● **PROBLEM**
Word for word, write out the entries that follow, omitting all pictures.

● **DATA FOR ANALYSIS**
══════

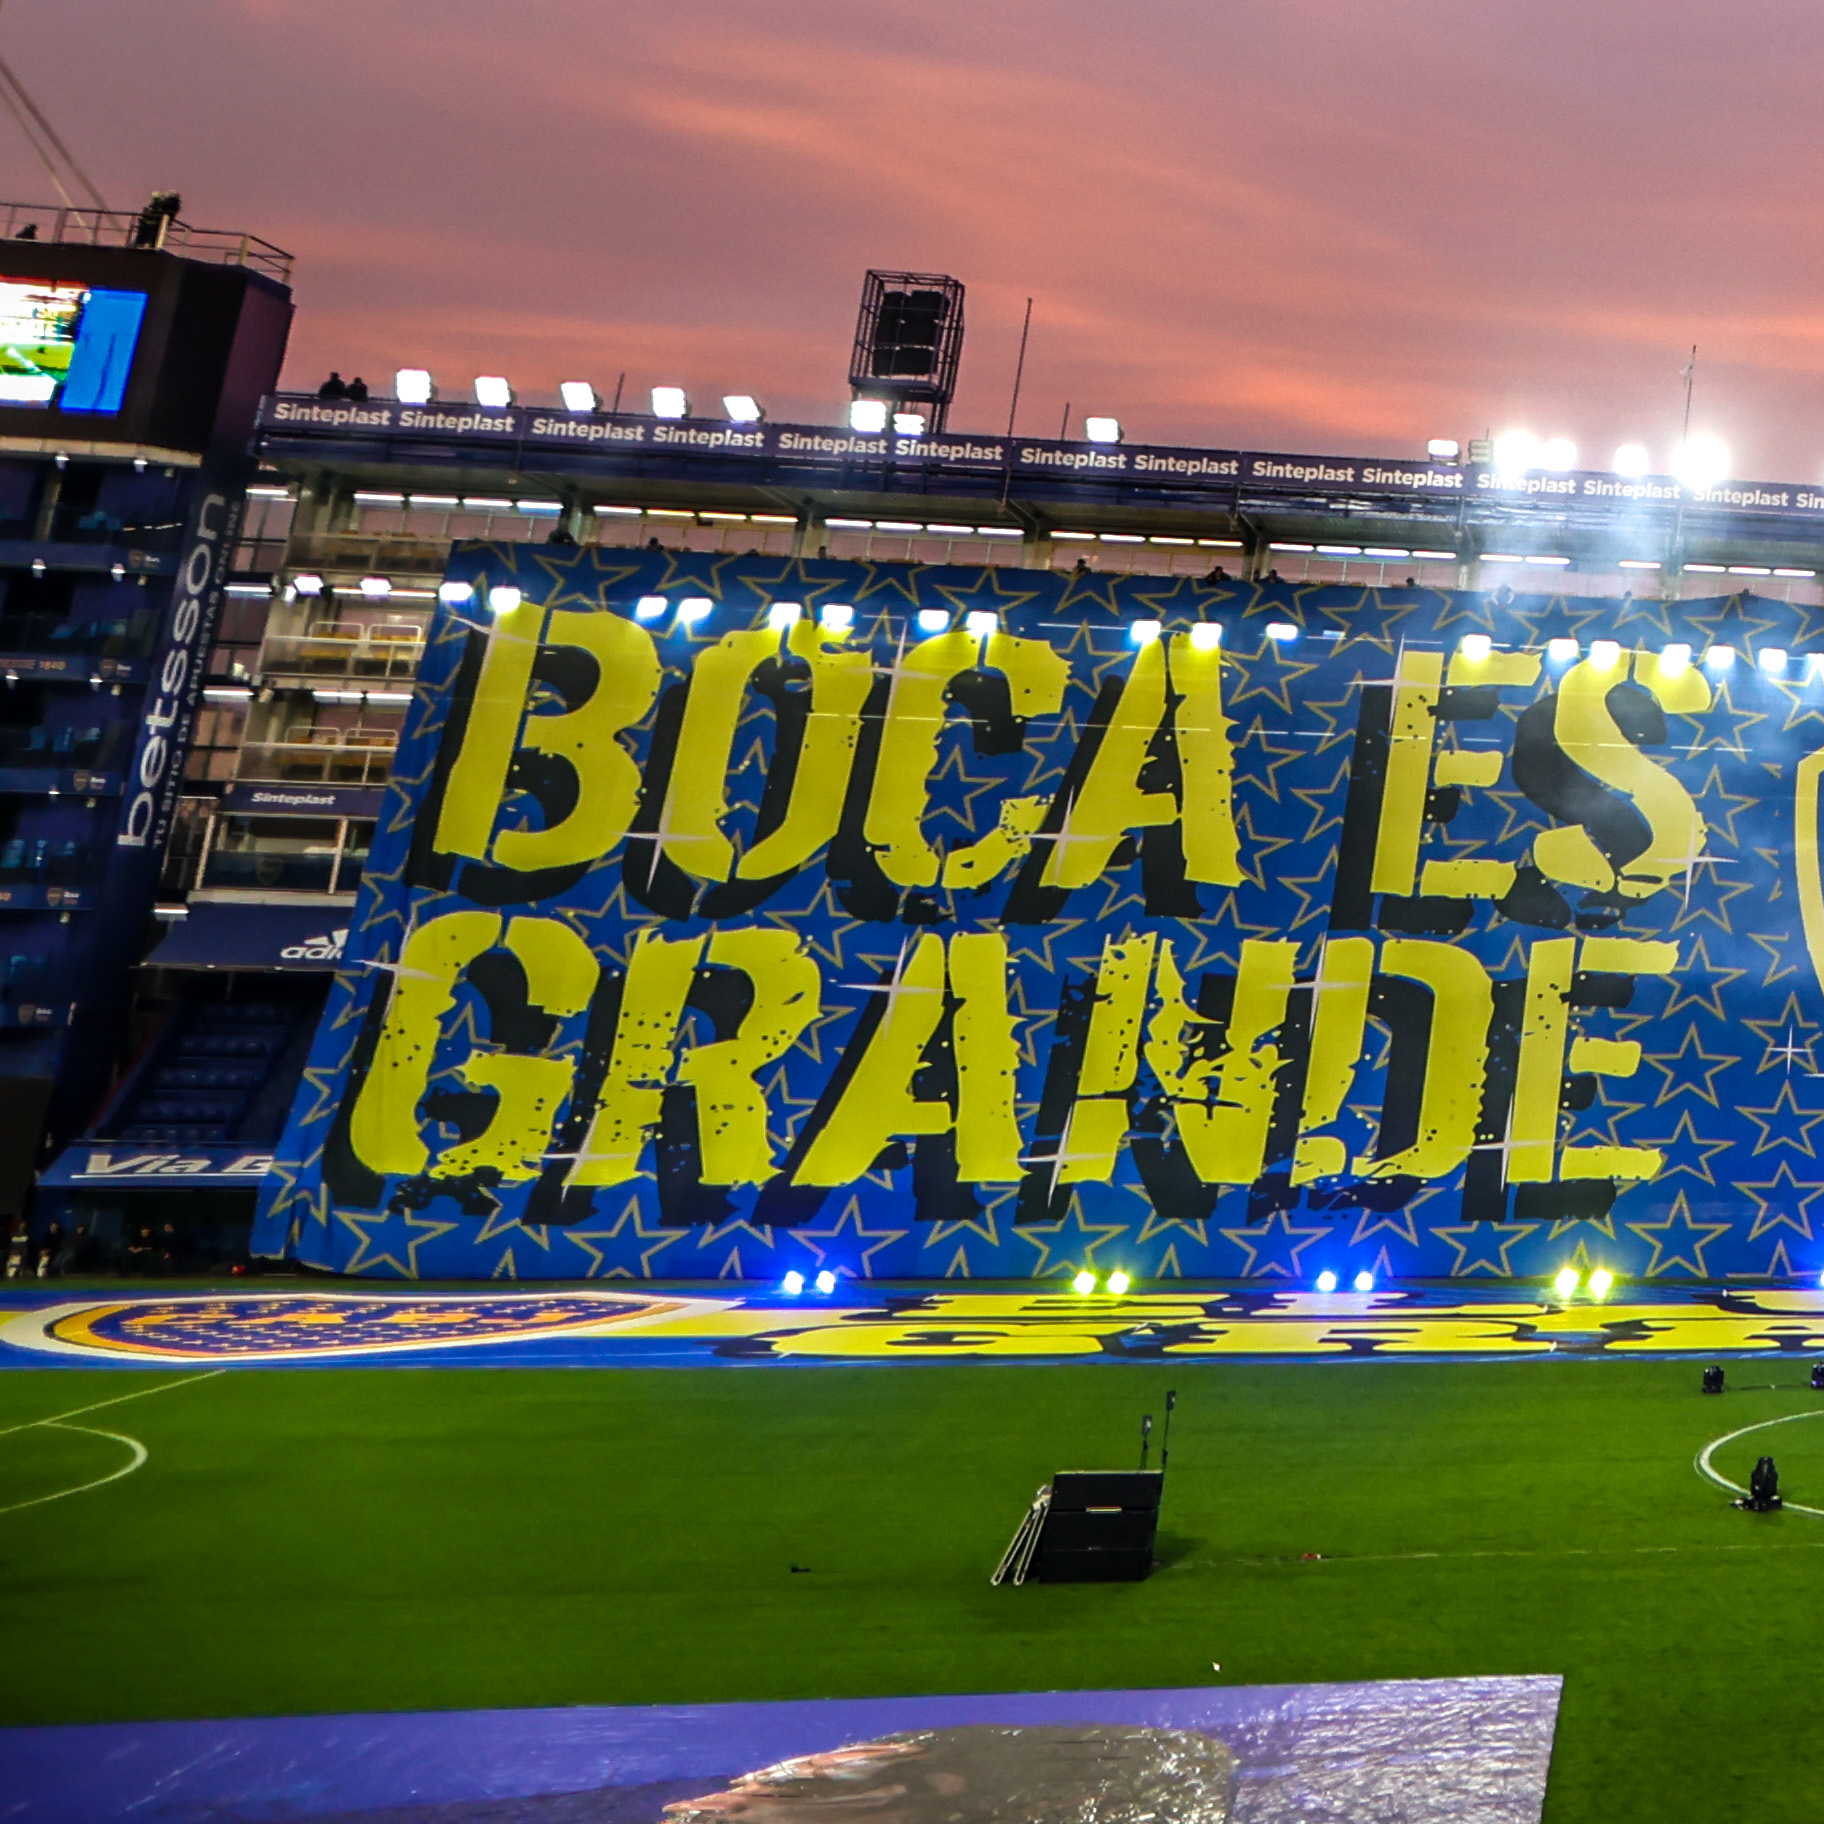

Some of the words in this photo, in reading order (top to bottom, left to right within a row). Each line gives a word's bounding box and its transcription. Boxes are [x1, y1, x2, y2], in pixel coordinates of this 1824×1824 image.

[274, 403, 391, 426] Sinteplast
[399, 410, 515, 433] Sinteplast
[532, 418, 644, 442] Sinteplast
[653, 425, 765, 449] Sinteplast
[779, 432, 887, 456] Sinteplast
[895, 439, 1003, 461] Sinteplast
[1021, 447, 1127, 470] Sinteplast
[1134, 454, 1239, 477] Sinteplast
[1252, 461, 1354, 484] Sinteplast
[1362, 467, 1463, 489] Sinteplast
[1477, 473, 1576, 496] Sinteplast
[1583, 479, 1681, 501] Sinteplast
[1694, 485, 1789, 508] Sinteplast
[117, 493, 226, 847] betsson
[251, 791, 336, 807] Sinteplast
[433, 601, 1245, 890] BOCA
[1373, 640, 1713, 902] ES
[347, 911, 1679, 1188] GRANDE
[84, 1154, 211, 1174] Via
[890, 1290, 1551, 1317] EL

══════

● **EXERCISE ANSWER**
Some of the words in this photo, in reading order (top to bottom, left to right within a row). Each line gives a word's bounding box and its transcription. Boxes are [x1, y1, x2, y2], in pixel coordinates of this 1824×1824 image.

[274, 403, 391, 426] Sinteplast
[399, 410, 515, 433] Sinteplast
[532, 418, 644, 442] Sinteplast
[653, 425, 765, 449] Sinteplast
[779, 432, 887, 456] Sinteplast
[895, 439, 1003, 461] Sinteplast
[1021, 447, 1127, 470] Sinteplast
[1134, 454, 1239, 477] Sinteplast
[1252, 461, 1354, 484] Sinteplast
[1362, 467, 1463, 489] Sinteplast
[1477, 473, 1576, 496] Sinteplast
[1583, 479, 1681, 501] Sinteplast
[1694, 485, 1789, 508] Sinteplast
[117, 493, 226, 847] betsson
[251, 791, 336, 807] Sinteplast
[433, 601, 1245, 890] BOCA
[1373, 640, 1713, 902] ES
[347, 911, 1679, 1188] GRANDE
[84, 1154, 211, 1174] Via
[890, 1290, 1551, 1317] EL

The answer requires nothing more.